[Data items]
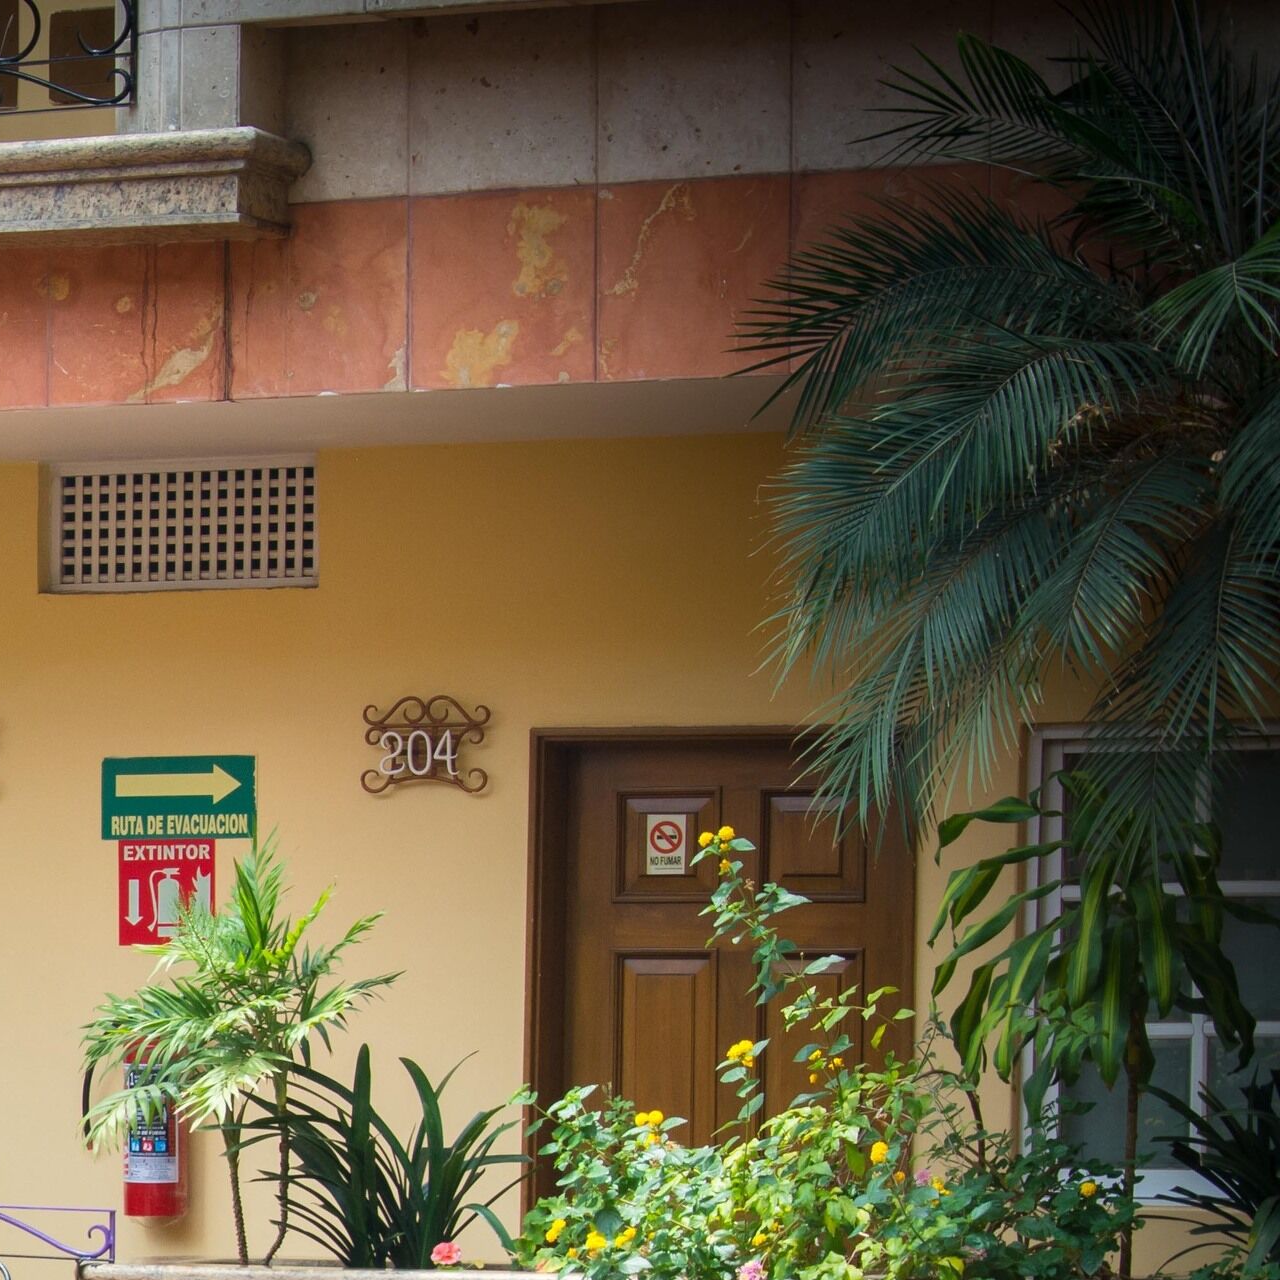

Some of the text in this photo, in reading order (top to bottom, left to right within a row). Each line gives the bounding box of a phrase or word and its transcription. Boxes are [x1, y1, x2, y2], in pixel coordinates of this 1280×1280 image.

[380, 729, 460, 776] 204
[111, 813, 248, 836] RUTA DE EVACUACION
[123, 844, 211, 861] EXTINTOR
[650, 856, 682, 866] NO FUMAR

**Activity:**
Please retype every entry above exactly, leaving out any picture.

**Written response:**
Some of the text in this photo, in reading order (top to bottom, left to right within a row). Each line gives the bounding box of a phrase or word and its transcription. Boxes are [x1, y1, x2, y2], in pixel coordinates of this 1280×1280 image.

[380, 729, 460, 776] 204
[111, 813, 248, 836] RUTA DE EVACUACION
[123, 844, 211, 861] EXTINTOR
[650, 856, 682, 866] NO FUMAR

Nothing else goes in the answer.